(Image-backed grounding data)
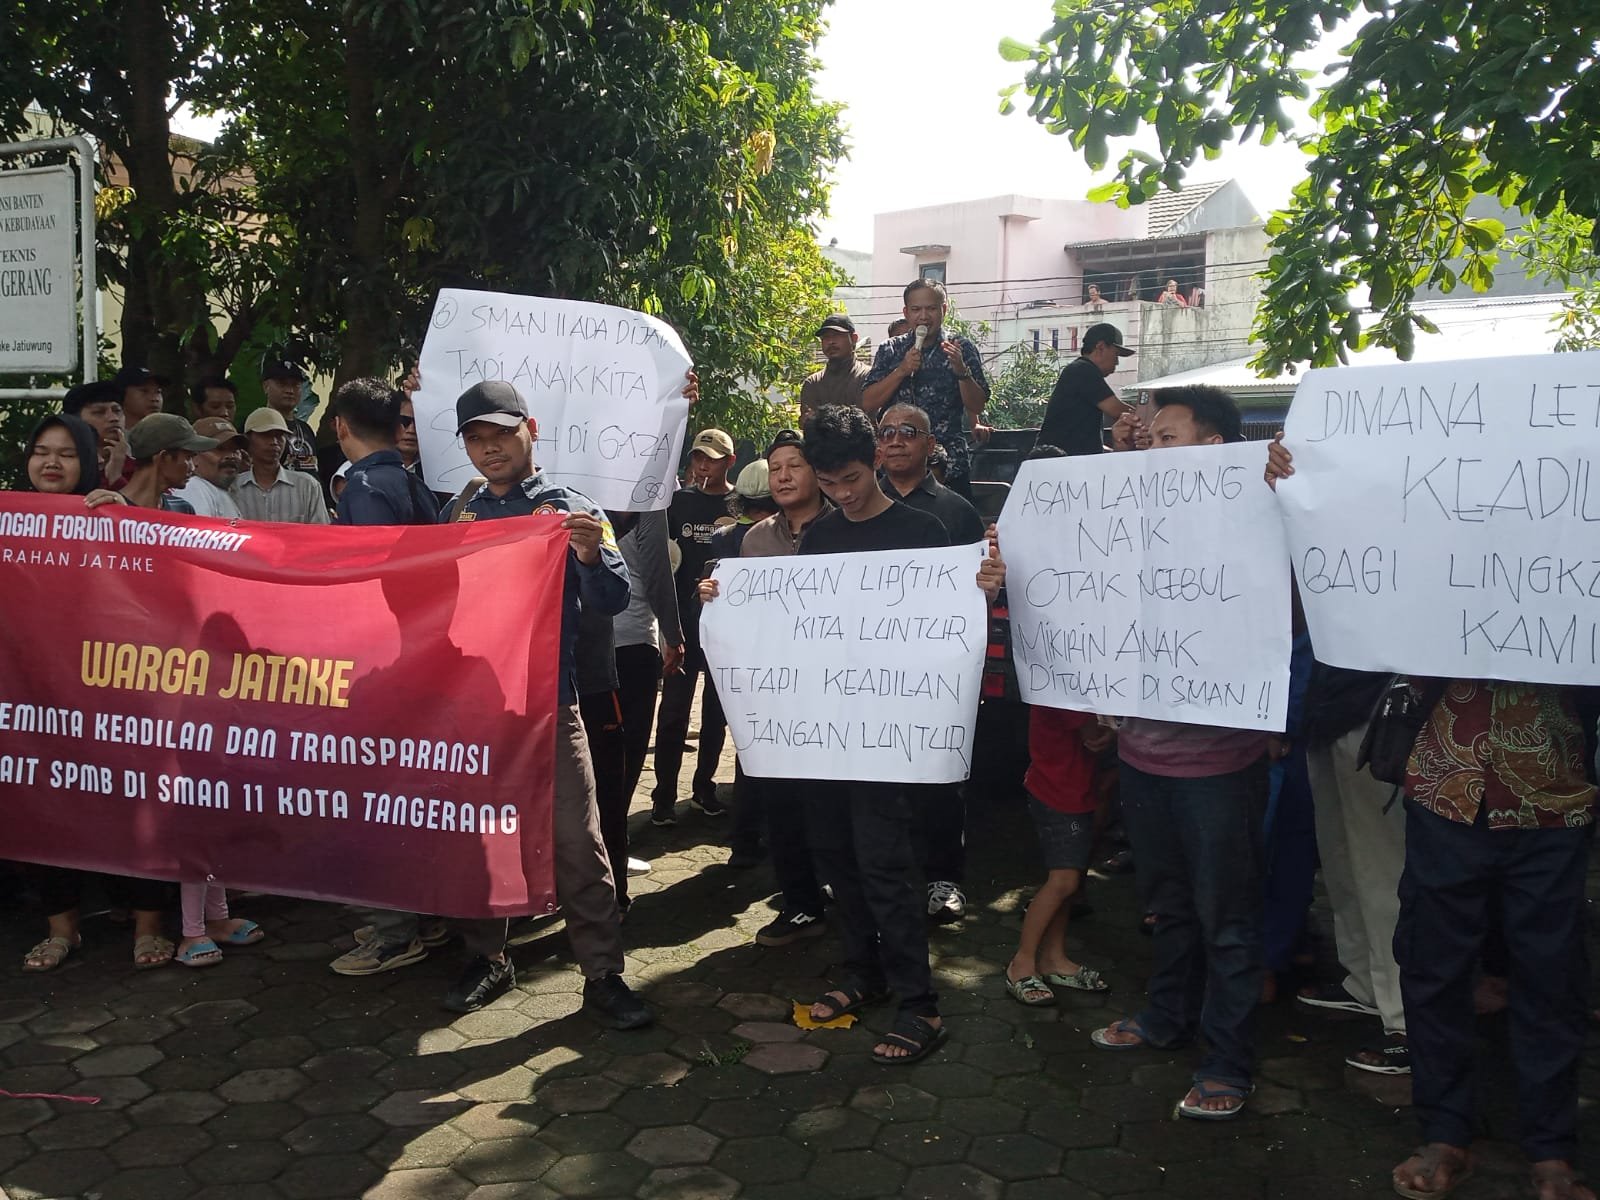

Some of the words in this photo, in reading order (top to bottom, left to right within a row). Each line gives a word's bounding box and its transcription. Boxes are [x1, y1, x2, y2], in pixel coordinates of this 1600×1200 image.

[13, 194, 45, 210] BANTEN
[5, 214, 56, 233] KEBUDAYAAN
[0, 248, 36, 263] EKNIS
[0, 267, 52, 297] GERANG
[465, 304, 547, 335] SMAN
[570, 317, 608, 342] ADA
[12, 339, 52, 354] Jatiuwung
[511, 355, 584, 394] ANAK
[1306, 382, 1486, 441] DIMANA
[597, 425, 672, 460] GAZA
[1021, 480, 1090, 516] ASAM
[1101, 465, 1248, 510] LAMBUNG
[1402, 455, 1600, 523] KEADIL
[0, 512, 48, 538] NGAN
[52, 515, 115, 542] FORUM
[119, 519, 252, 551] MASYARAKAT
[1078, 516, 1170, 561] NAIK
[3, 548, 70, 567] RAHAN
[79, 553, 154, 572] JATAKE
[1302, 546, 1397, 594] BAGI
[727, 562, 845, 614] BIARKAN
[860, 560, 959, 607] LIPSTIK
[1026, 567, 1127, 608] OTAK
[793, 615, 844, 641] KITA
[859, 616, 970, 652] LUNTUR
[1115, 619, 1202, 668] ANAK
[1461, 609, 1597, 664] KAMI
[81, 640, 210, 696] WARGA
[218, 653, 354, 708] JATAKE
[716, 667, 799, 693] TETAPI
[824, 668, 961, 704] KEADILAN
[1171, 675, 1245, 707] SMAN
[0, 702, 84, 738] EMINTA
[94, 712, 214, 752] KEADILAN
[225, 725, 277, 759] DAN
[290, 731, 490, 776] TRANSPARANSI
[736, 713, 850, 752] JANGAN
[862, 721, 969, 775] LUNTUR
[0, 755, 39, 785] AIT
[50, 760, 113, 795] SPMB
[124, 769, 147, 800] DI
[157, 774, 229, 809] SMAN
[243, 783, 263, 813] 11
[278, 786, 348, 819] KOTA
[363, 791, 518, 835] TANGERANG
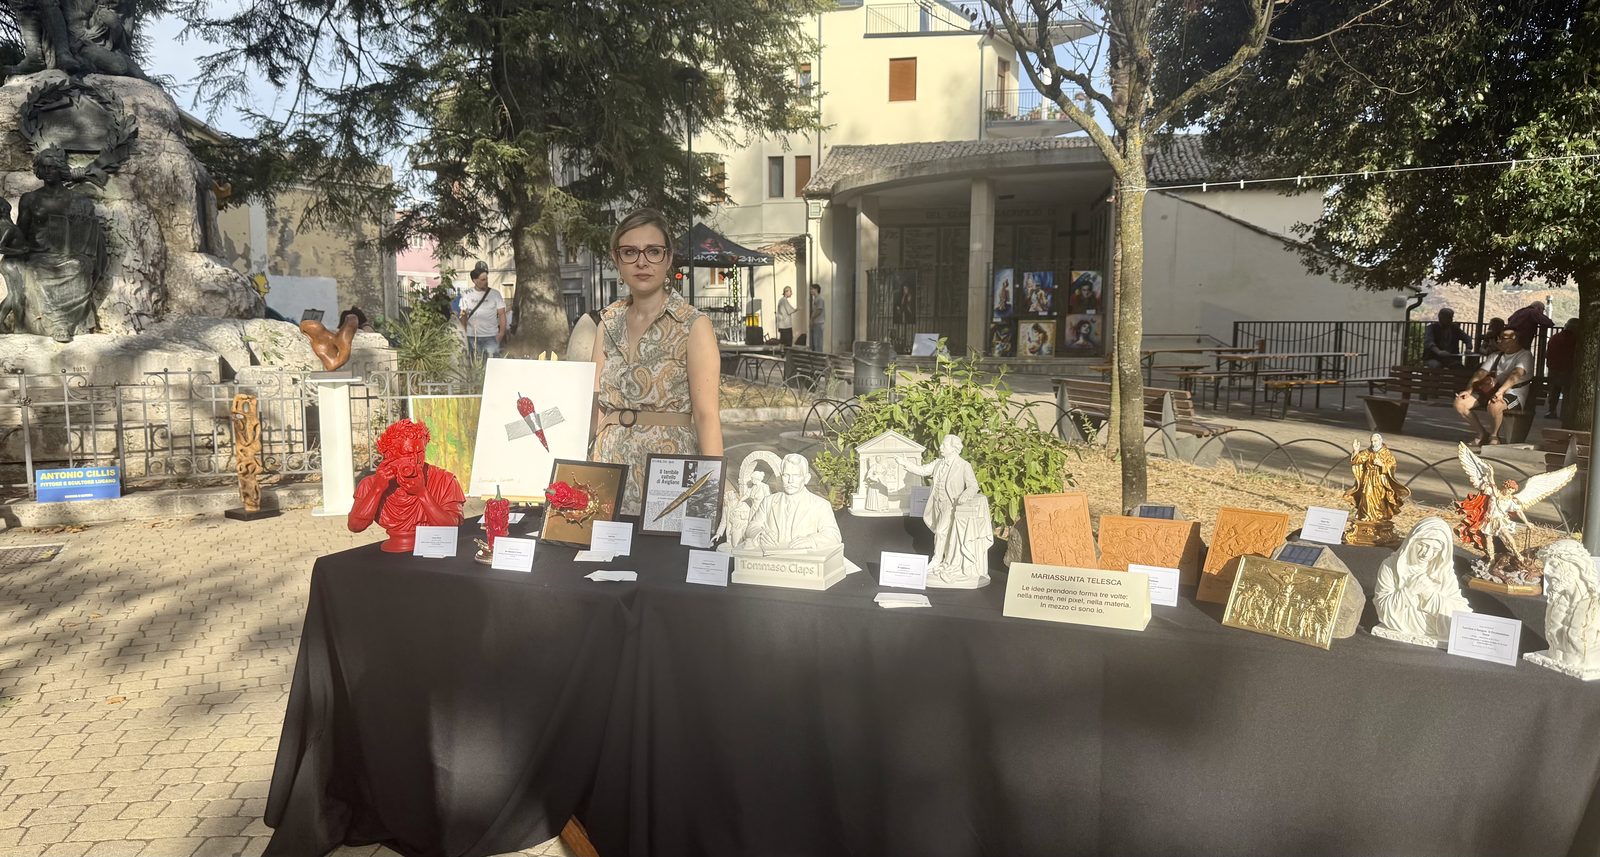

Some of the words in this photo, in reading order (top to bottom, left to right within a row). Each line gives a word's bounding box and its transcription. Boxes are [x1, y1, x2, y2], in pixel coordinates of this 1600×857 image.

[41, 471, 83, 480] ANTONIO
[86, 469, 115, 478] CILLIS
[741, 560, 786, 572] Tommaso
[788, 564, 814, 576] Claps
[1031, 572, 1085, 583] MARIASSUNTA
[1087, 577, 1122, 586] TELESCA
[1046, 587, 1078, 596] prendono
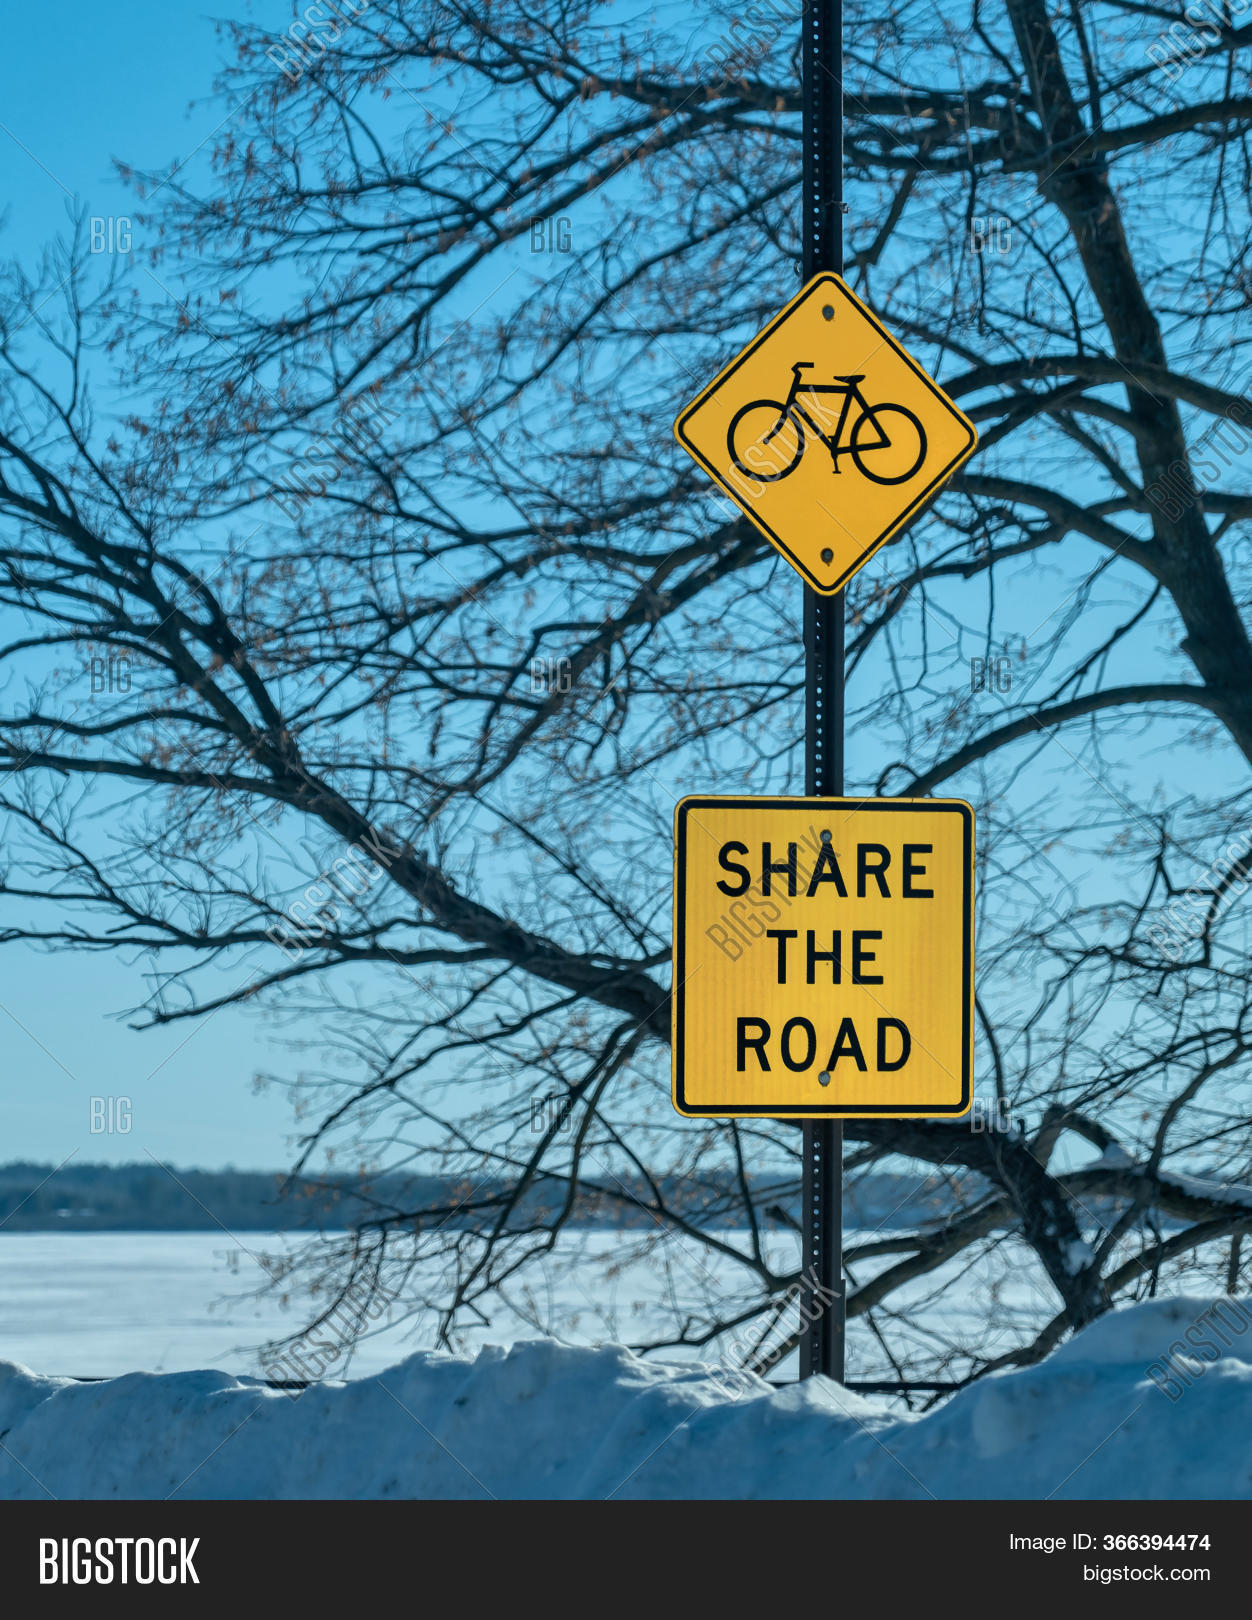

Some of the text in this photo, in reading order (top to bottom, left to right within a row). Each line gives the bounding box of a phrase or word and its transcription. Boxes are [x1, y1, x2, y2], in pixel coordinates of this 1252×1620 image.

[716, 841, 935, 899] SHARE
[766, 930, 884, 985] THE
[736, 1017, 911, 1072] ROAD
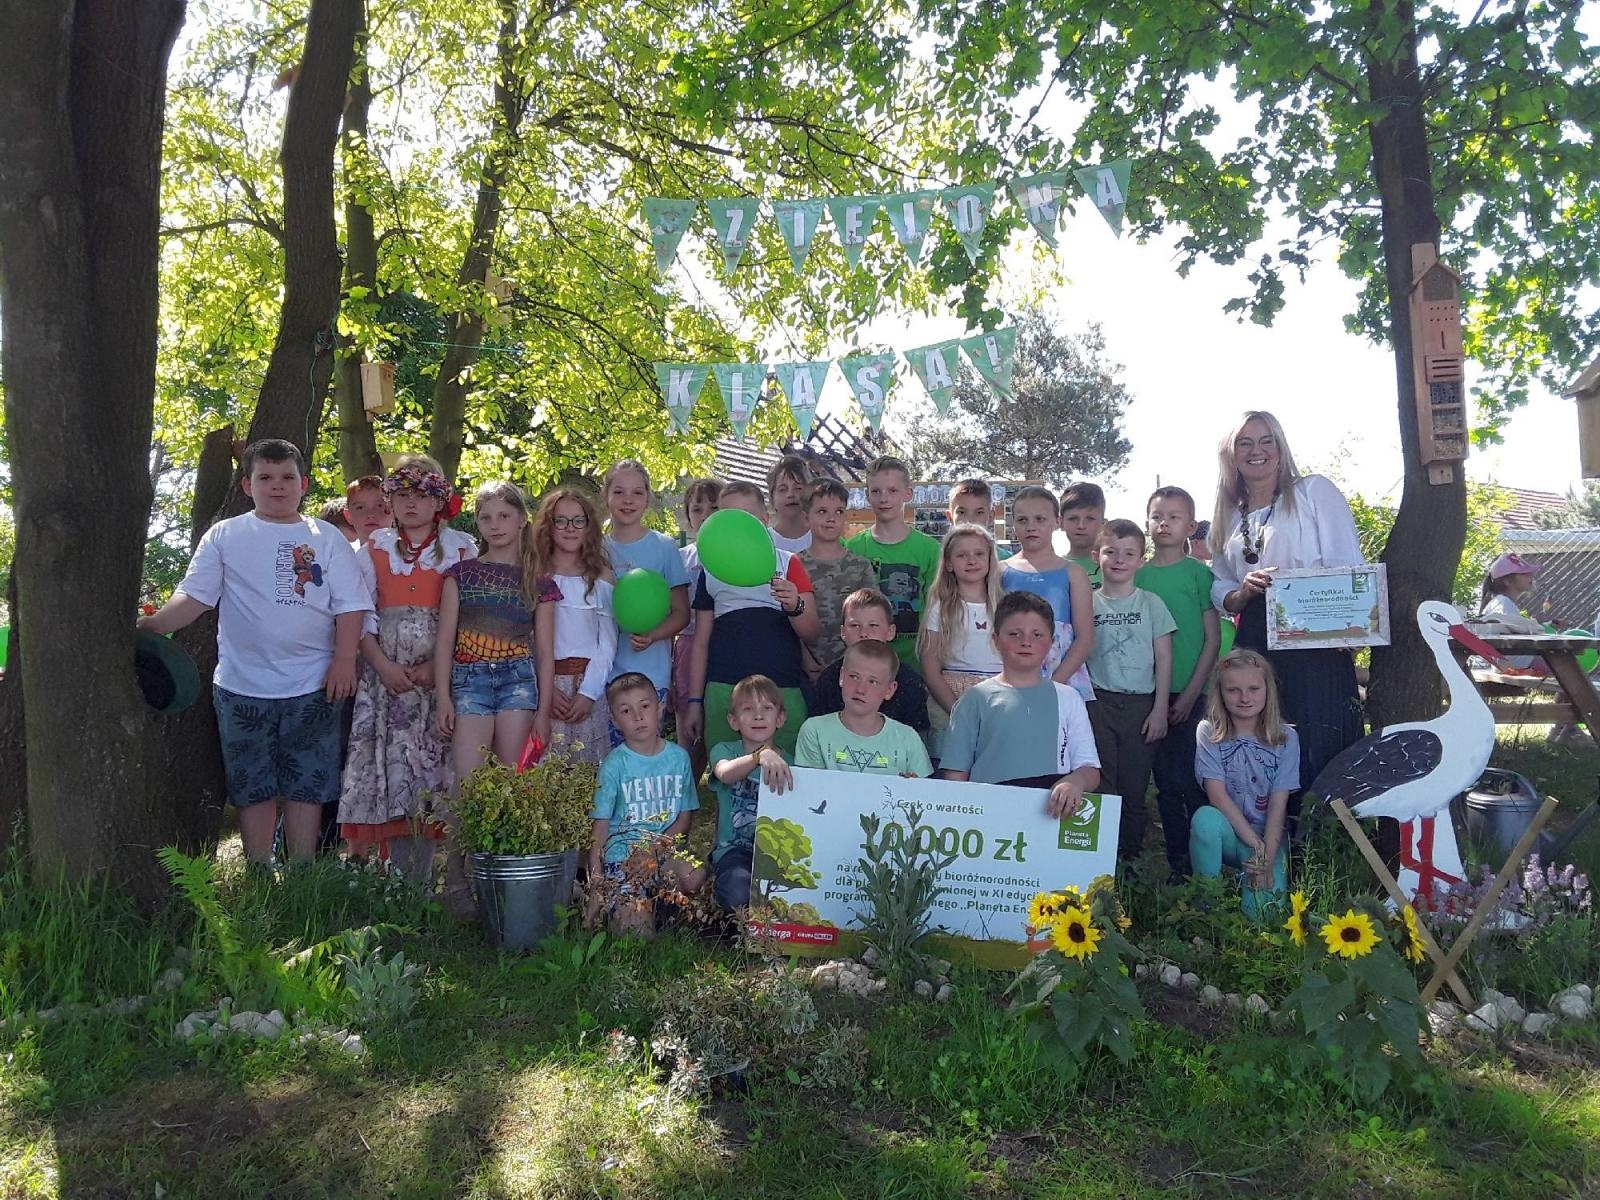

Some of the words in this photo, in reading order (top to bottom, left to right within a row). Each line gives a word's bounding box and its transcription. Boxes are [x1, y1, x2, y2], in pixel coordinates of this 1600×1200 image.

[724, 168, 1124, 248] ZIELONA
[667, 336, 1003, 412] KLASA!
[275, 540, 297, 597] NARUTO
[1092, 618, 1142, 628] EXPEDITION
[621, 775, 683, 804] VENICE
[897, 799, 923, 810] Czek
[926, 803, 933, 811] o
[936, 804, 984, 815] wartości
[993, 831, 1028, 863] zł
[835, 876, 852, 886] dla
[980, 889, 989, 897] w
[992, 889, 1004, 898] XI
[837, 864, 850, 873] na
[944, 870, 1040, 888] bioróżnorodności

* _Assignment_
Repeat the data exactly, dropping every picture it holds.

* _Solution for this exercise_
Some of the words in this photo, in reading order (top to bottom, left to right within a row). Each line gives a word's bounding box and its transcription. Boxes are [x1, y1, x2, y2], in pixel coordinates of this 1600×1200 image.

[13, 194, 45, 210] BANTEN
[5, 214, 56, 233] KEBUDAYAAN
[0, 248, 36, 263] EKNIS
[0, 267, 52, 297] GERANG
[465, 304, 547, 335] SMAN
[570, 317, 608, 342] ADA
[12, 339, 52, 354] Jatiuwung
[511, 355, 584, 394] ANAK
[1306, 382, 1486, 441] DIMANA
[597, 425, 672, 460] GAZA
[1021, 480, 1090, 516] ASAM
[1101, 465, 1248, 510] LAMBUNG
[1402, 455, 1600, 523] KEADIL
[0, 512, 48, 538] NGAN
[52, 515, 115, 542] FORUM
[119, 519, 252, 551] MASYARAKAT
[1078, 516, 1170, 561] NAIK
[3, 548, 70, 567] RAHAN
[79, 553, 154, 572] JATAKE
[1302, 546, 1397, 594] BAGI
[727, 562, 845, 614] BIARKAN
[860, 560, 959, 607] LIPSTIK
[1026, 567, 1127, 608] OTAK
[793, 615, 844, 641] KITA
[859, 616, 970, 652] LUNTUR
[1115, 619, 1202, 668] ANAK
[1461, 609, 1597, 664] KAMI
[81, 640, 210, 696] WARGA
[218, 653, 354, 708] JATAKE
[716, 667, 799, 693] TETAPI
[824, 668, 961, 704] KEADILAN
[1171, 675, 1245, 707] SMAN
[0, 702, 84, 738] EMINTA
[94, 712, 214, 752] KEADILAN
[225, 725, 277, 759] DAN
[290, 731, 490, 776] TRANSPARANSI
[736, 713, 850, 752] JANGAN
[862, 721, 969, 775] LUNTUR
[0, 755, 39, 785] AIT
[50, 760, 113, 795] SPMB
[124, 769, 147, 800] DI
[157, 774, 229, 809] SMAN
[243, 783, 263, 813] 11
[278, 786, 348, 819] KOTA
[363, 791, 518, 835] TANGERANG

Some of the words in this photo, in reading order (top to bottom, left to right within a row). Each line gives a word's bounding box and its transcription. Boxes are [x1, y1, x2, y2], in pixel coordinates of this 1600×857 image.

[41, 471, 83, 480] ANTONIO
[86, 469, 115, 478] CILLIS
[741, 560, 786, 572] Tommaso
[788, 564, 814, 576] Claps
[1031, 572, 1085, 583] MARIASSUNTA
[1087, 577, 1122, 586] TELESCA
[1046, 587, 1078, 596] prendono

Some of the text in this photo, in reading order (top to bottom, left to right within a row). Each line gives the bounding box of a phrase or word and its transcription. Boxes are [x1, y1, x2, y2], in pixel coordinates of this 1252×1620 image.

[716, 841, 935, 899] SHARE
[766, 930, 884, 985] THE
[736, 1017, 911, 1072] ROAD

Some of the words in this photo, in reading order (top to bottom, left to right within a row). Each line gives a word's bounding box and its transcription. Boxes are [x1, y1, x2, y2], in pixel coordinates of this 1600×1200 image.

[724, 168, 1124, 248] ZIELONA
[667, 336, 1003, 412] KLASA!
[275, 540, 297, 597] NARUTO
[1092, 618, 1142, 628] EXPEDITION
[621, 775, 683, 804] VENICE
[897, 799, 923, 810] Czek
[926, 803, 933, 811] o
[936, 804, 984, 815] wartości
[993, 831, 1028, 863] zł
[835, 876, 852, 886] dla
[980, 889, 989, 897] w
[992, 889, 1004, 898] XI
[837, 864, 850, 873] na
[944, 870, 1040, 888] bioróżnorodności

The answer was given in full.